Deutscher had been concerned about the effects of a slowing economy on the company’s last auction of the year. He needn’t have worried.

“I was nervous going into this last sale,” he says. “A lot of gloomy conversations were going on, but it felt like a boom-time auction.”

The auction also set new records for Paddy Bedford, with the work Mendoowoorrji – Medicine Pocket, 2005, which achieved $260,000 (hammer), $100,000 above its high estimate, and for Frederick Woodhouse Junior’s Mentor, Winner of the 1888 Melbourne Club, With Trainer Walter S. Hickenbotham and Jockey Mick O’Brien, at Flemington, 1889, which sold for $48,000 (hammer), more than double its low estimate of $20,000.

These markedly different works – one by a leading Indigenous artist of his homeland in the Kimberley, the other by an Australian colonial artist of a prize thoroughbred – hailed from the same collection, that of the late Sydney pathologist Colin Laverty and his widow Elizabeth Laverty.

“The Woodhouse almost looked out of place in the auction,” says Deutscher, “but that’s Colin Laverty’s broad tastes.”

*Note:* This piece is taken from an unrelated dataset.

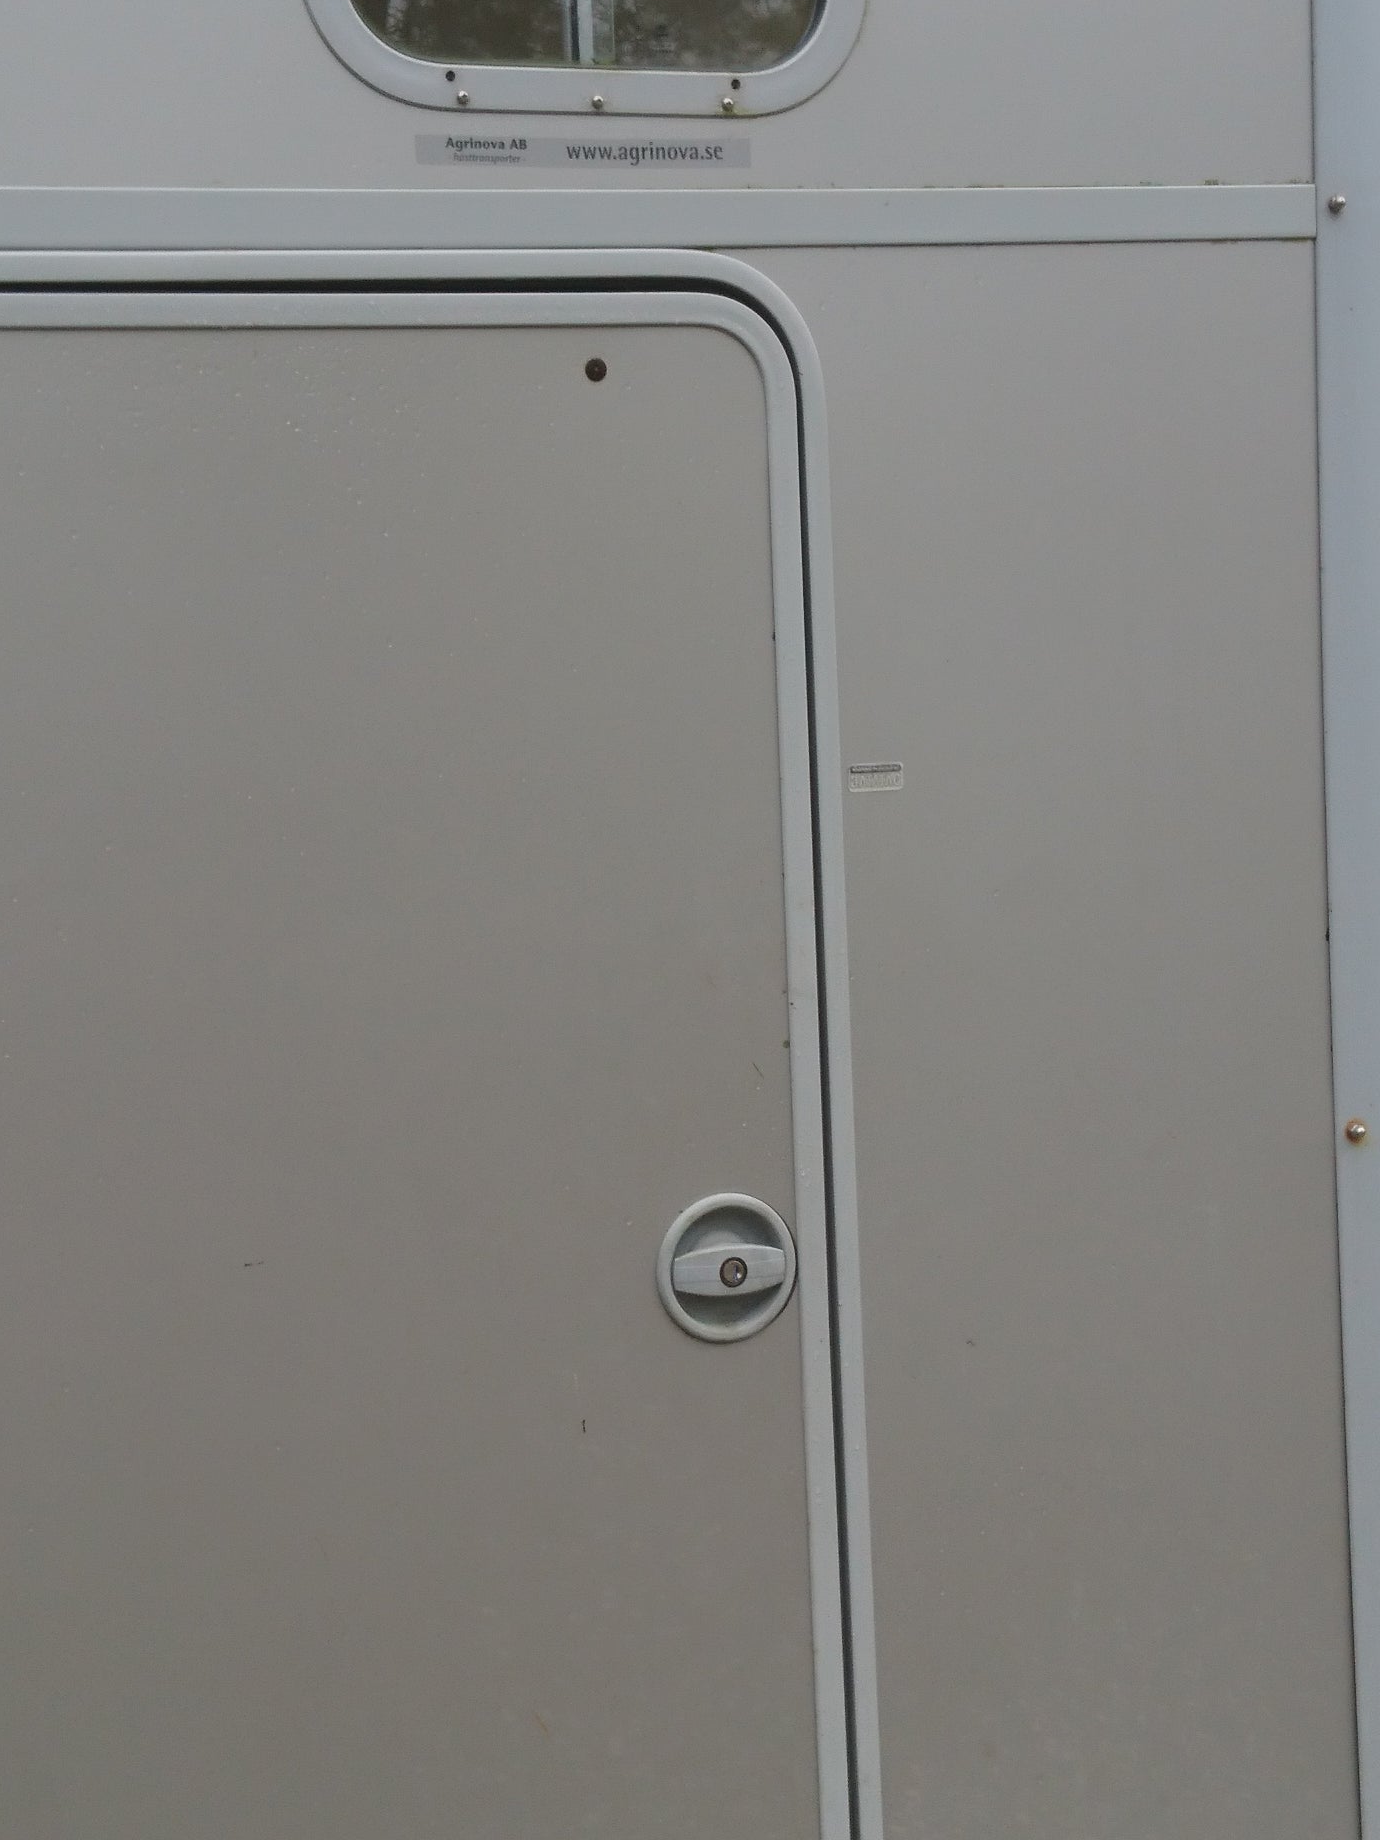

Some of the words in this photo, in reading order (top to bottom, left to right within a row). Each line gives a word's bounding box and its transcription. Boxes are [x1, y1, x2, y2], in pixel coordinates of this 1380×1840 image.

[445, 137, 505, 152] Agrinova
[509, 138, 528, 150] AB
[566, 141, 724, 166] www.agrinova.se

Dr Laverty was an expert on the art of the Woodhouse family and wrote the book Australian Colonial Sporting Painters: Frederick Woodhouse and sons (1980). But the Lavertys were also keen supporters of Indigenous artists, travelling extensively to remote community art centres. The majority of their Indigenous art collection was sold by Bonhams at Sydney’s Museum of Contemporary Art in 2013, soon after Colin’s death.

Indigenous works from the Laverty collection continue to trickle out, and four were included in last week’s Deutscher and Hackett auction, among them Emily Kame Kngwarreye’s Untitled (Alalgura/Emu Country), 1989, which sold for $80,000 above its high estimate for $280,000 (hammer), and Mirdidingkingathi Juwarnda Sally Gabori’s Dibirdibi Country, 2009, which sold for $50,000 (hammer), double its high estimate, and the second-highest price paid for a Gabori at auction.